Где столько воска набрали?
И тут он подвинулся поближе и увидел голову.
Волос как шерсть.
И ему захотелось пощупать воск рукой. Он еще подошел.
Тогда чуть зазвенело, звякнуло, и тот стал подыматься.
Шестипалый стоял, как стояли в углу натуралии, – он не дышал.
И еще звякнуло, зашипело, как в часах перед боем, – и, мало дрогнув, встав во весь рост, повернувшись, – воск сделал рукой мановение – как будто сказал шестипалому:
– Здравствуй. <…>
Когда случился тот неслыханный скандал[37]

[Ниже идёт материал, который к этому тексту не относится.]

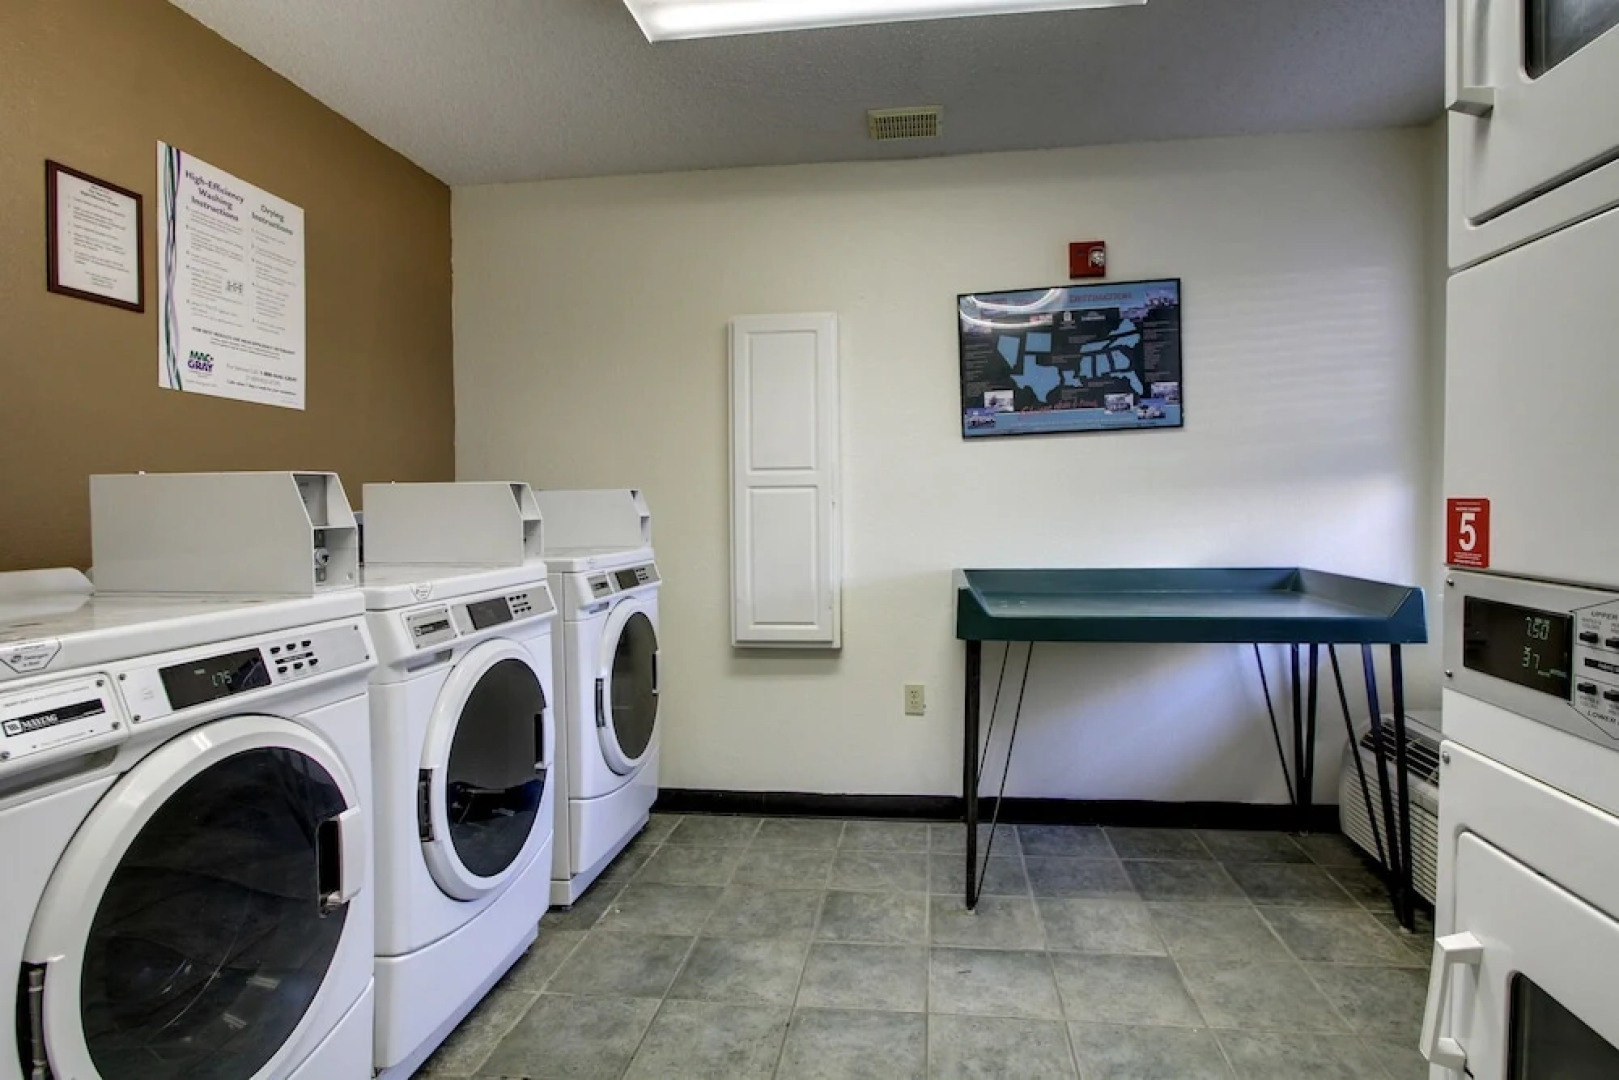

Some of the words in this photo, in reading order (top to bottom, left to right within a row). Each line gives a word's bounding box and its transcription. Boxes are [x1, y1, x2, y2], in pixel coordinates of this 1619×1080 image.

[186, 169, 244, 205] High-Efficiency
[198, 187, 233, 211] Washing
[190, 195, 239, 222] Instructions
[260, 203, 285, 223] Drying
[251, 211, 294, 236] Instructions
[187, 359, 215, 373] GRAY
[1458, 512, 1477, 552] 5
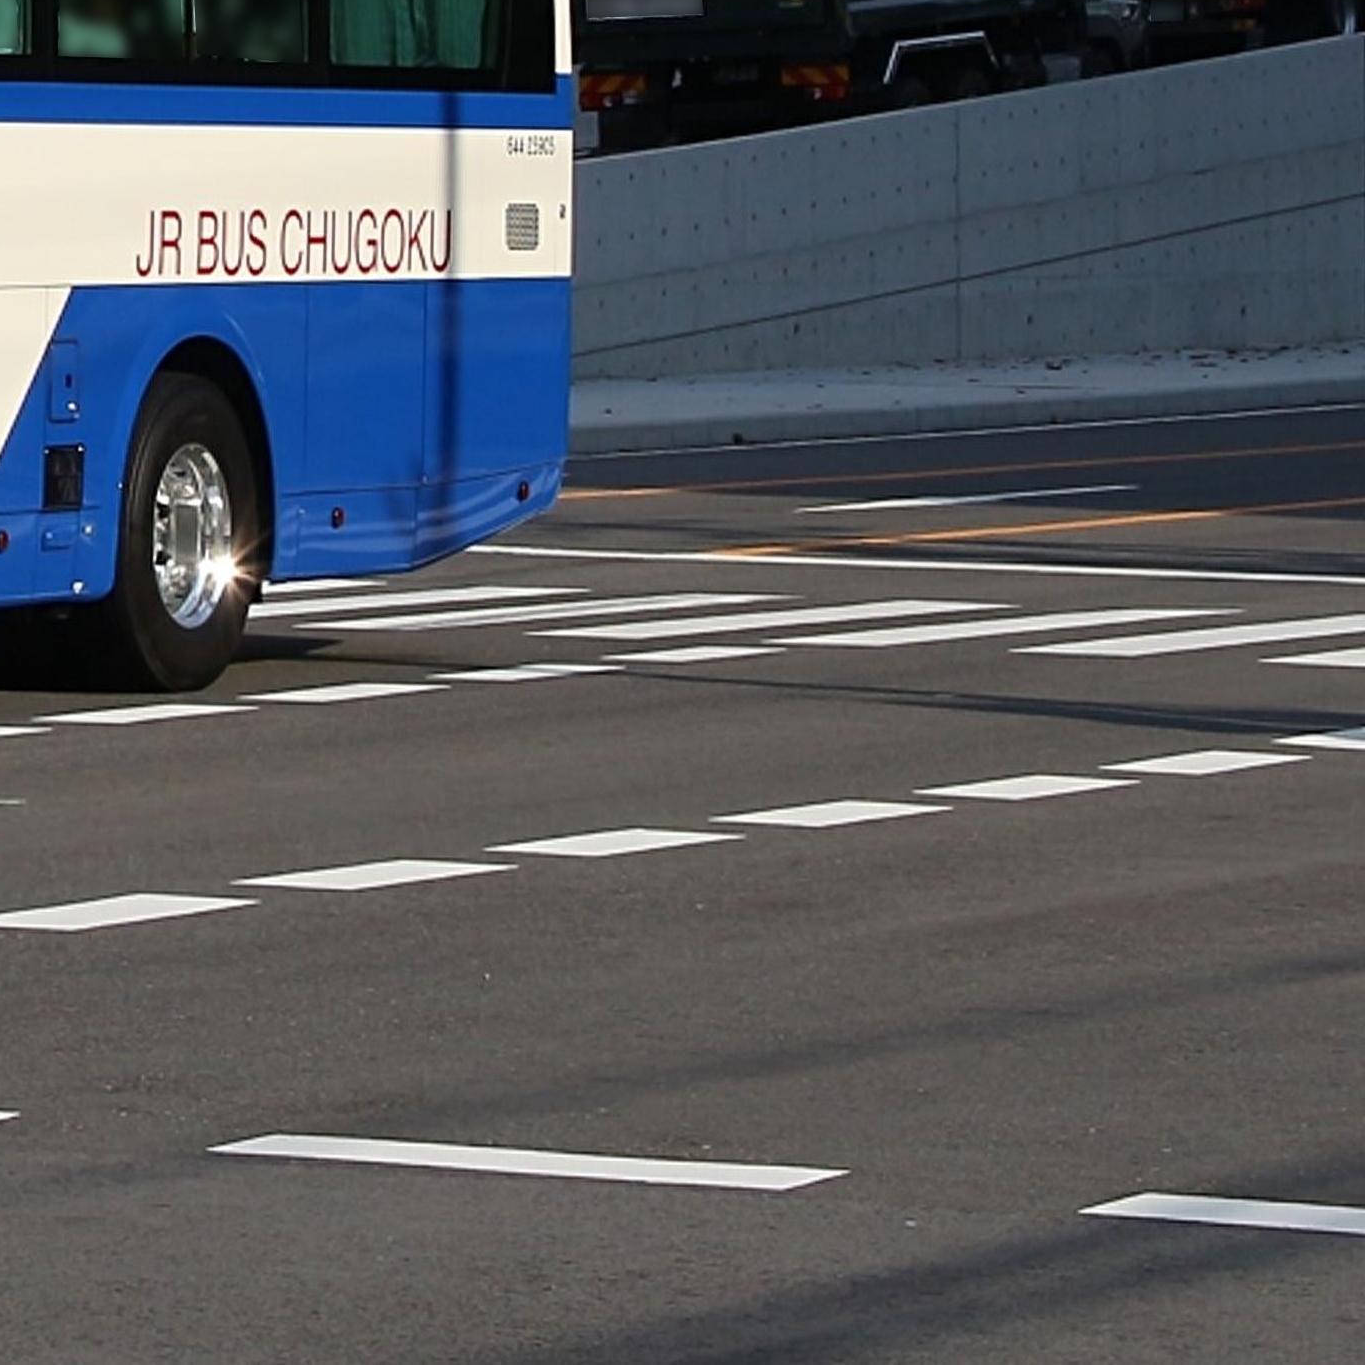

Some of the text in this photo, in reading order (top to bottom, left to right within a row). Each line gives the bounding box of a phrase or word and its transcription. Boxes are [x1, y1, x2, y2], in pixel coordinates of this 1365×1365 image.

[136, 207, 453, 277] JR BUS CHUGOKU
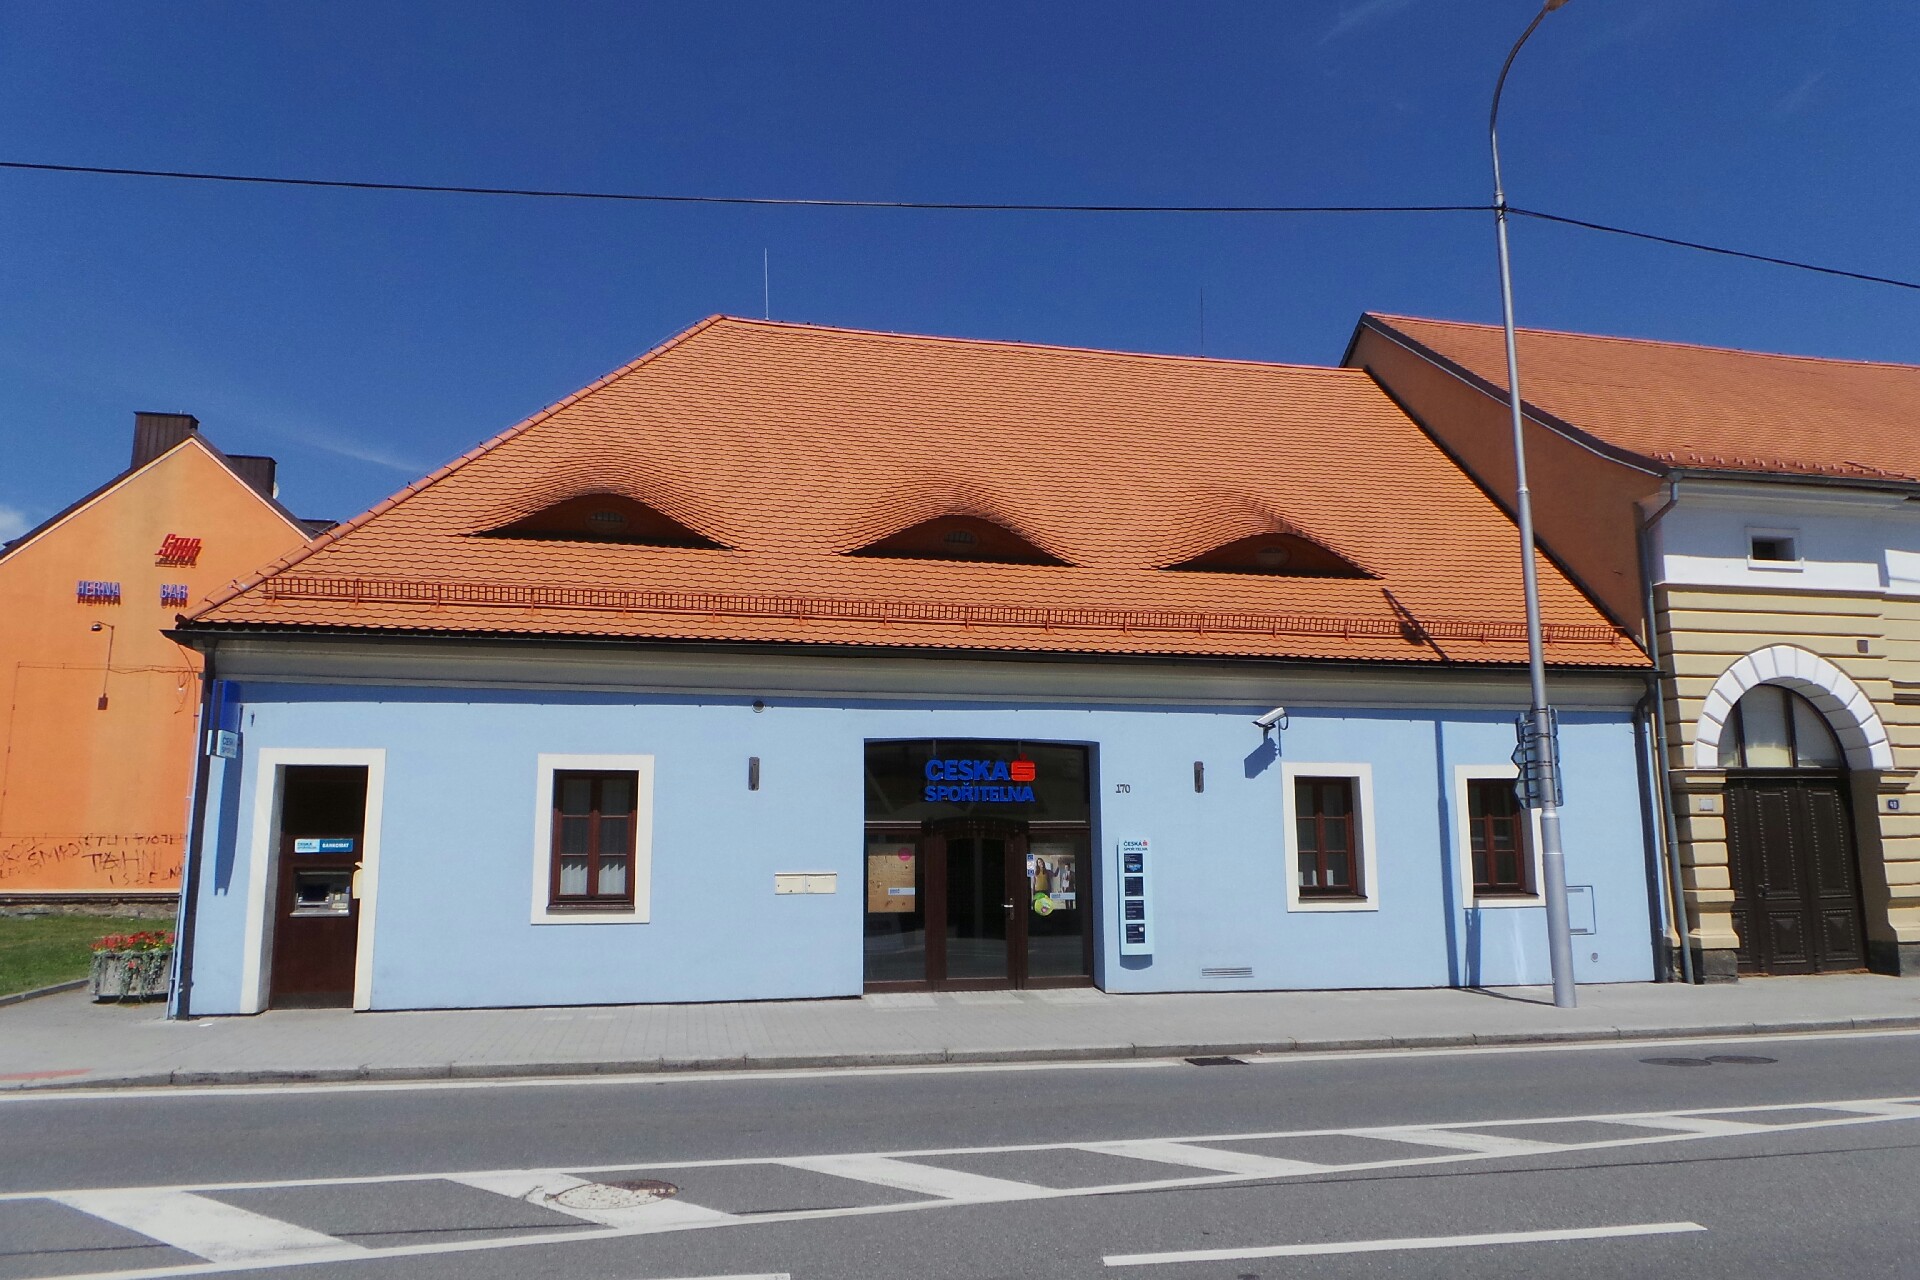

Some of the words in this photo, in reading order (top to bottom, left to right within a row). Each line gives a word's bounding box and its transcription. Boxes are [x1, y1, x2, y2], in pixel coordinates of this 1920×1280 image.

[77, 580, 121, 597] HERNA
[160, 583, 188, 599] BAR
[924, 781, 1036, 802] SPOŘITELNA
[1115, 783, 1131, 794] 170
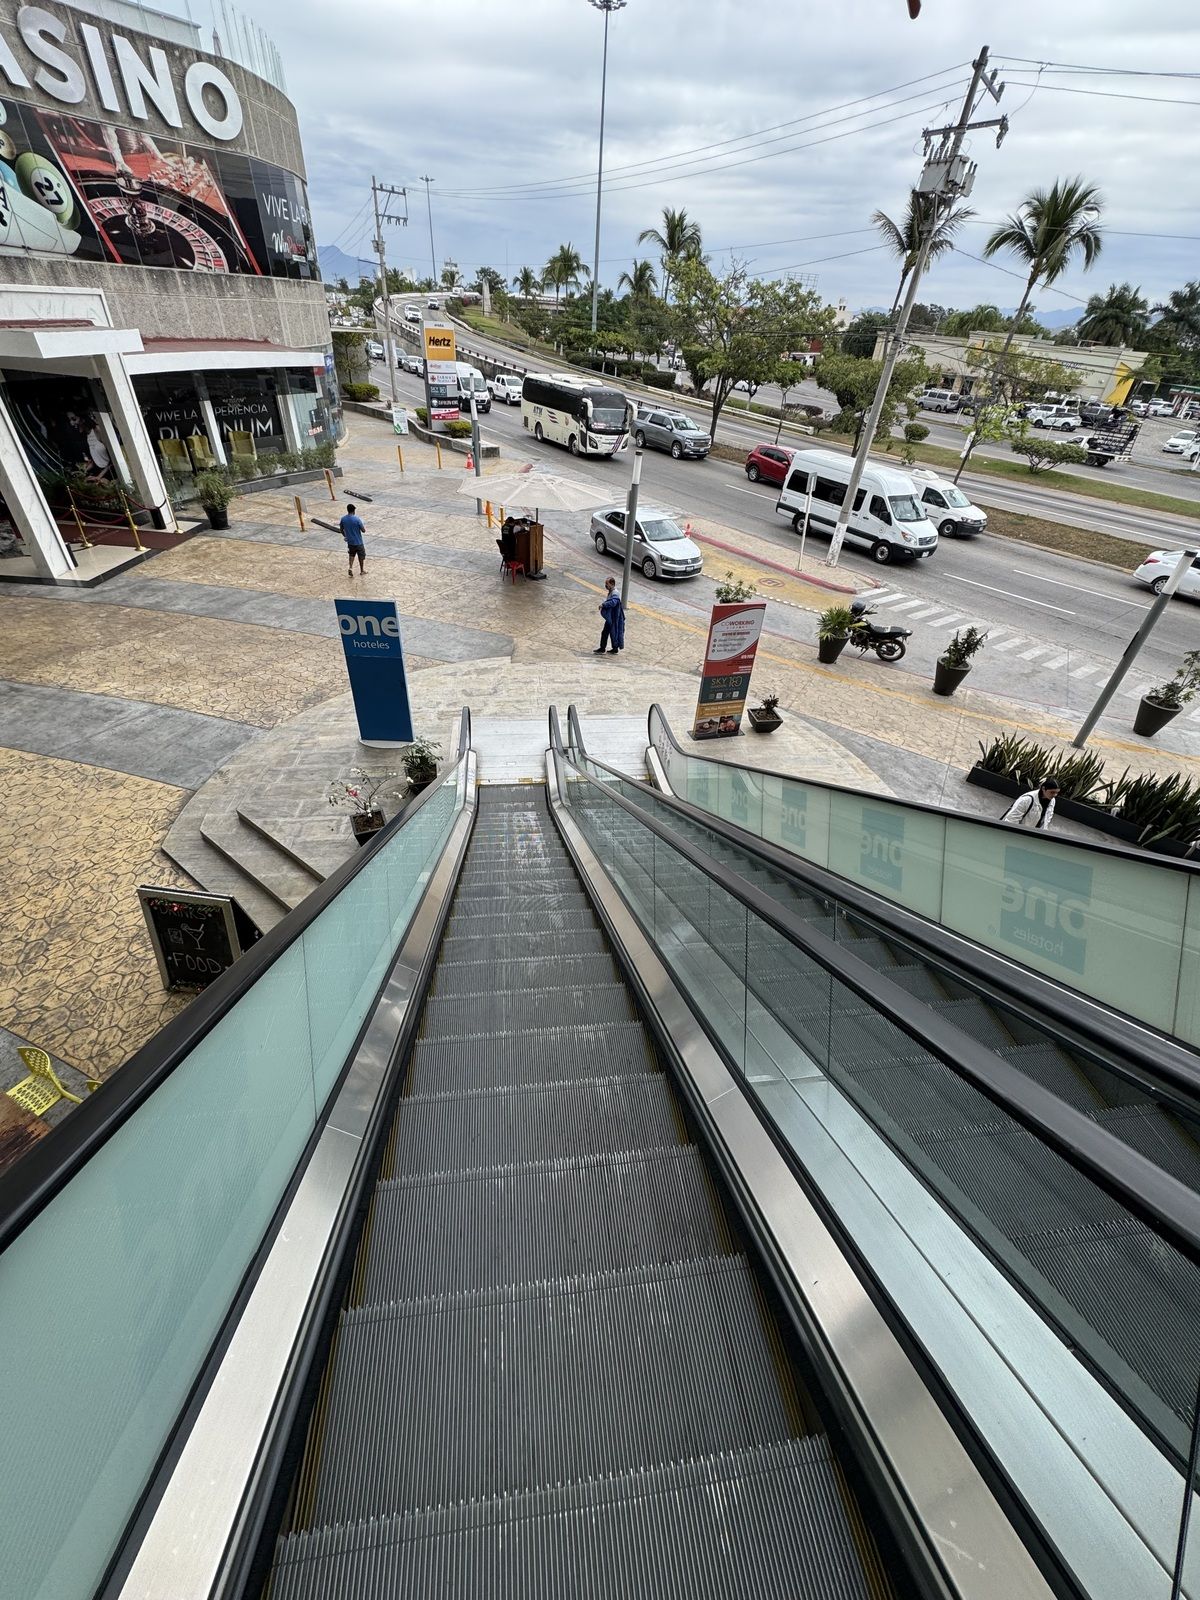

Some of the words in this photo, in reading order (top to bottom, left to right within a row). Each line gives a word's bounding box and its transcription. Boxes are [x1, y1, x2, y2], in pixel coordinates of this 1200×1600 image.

, тот крик, и брань, и бушевание, те язвительные и зазорные взаимные обзывы: хунцват, вор, шумница и другие, и явилась драка, ручная и ножная, между первыми людьми государства, с подножками, а потом с обнажением шпаг, и конец драки: разъем от господ Сената, – в то время была теплая погода.И когда он ехал домой, он вначале не мог отдышаться, в ушах был звон, дыхание в ноздрях, а не в груди, и губная дрожь. И он велел себя возить. Тогда мало-помалу он почувствовал облегчение и заметил, что по Неве идет сквозной дым, как нагар на сливе, воздух потонел, потом сказал свернуть к Летнему огороду. Проехал вдоль по Невскому перспективному болоту – там несожженные березы уже пустили клей. Понял, что они через месяц станут раскидываться. От этого голова остыла, и когда приехал домой, не стал метать руду, не позвал господина Густафсона дуть в пикульку, но заснул внезапно и не успел заметить, что устал и правая рука болит. <…>
И назавтра вышла из ягужинского дома, из той ягужинской люстры, команда не команда, свита не свита – вышли люди с ружьями, со свистами, с пением, человек даже до двадцати.
И впереди всех шел Павел Иванович, господин Ягужинский, при звезде, при ленте и со шпагою. Он качался на ногах.
С великим ужасом бежали от них прочь прохожие люди, и сворачивали лошадей люди проезжие, и от них бежали десятские, и рогаточные караульщики, а полицеймейстерской команды сержанты и каптенармусы смотрели разиня рот, руки по швам.
В той свите господина Ягужинского был шумный шведский господин Густафсон, и он дул с аффектом, во всю силу – в пикульку.
А другие, пройдя по Невской перспективной дороге, стреляли в птиц, потому что уже прилетели болотные утки, и это было запрещено указом. И набито много дикой птицы, а две пули попали в мазанку. И тут же господа из свиты пускали струи на землю и кричали разные слова.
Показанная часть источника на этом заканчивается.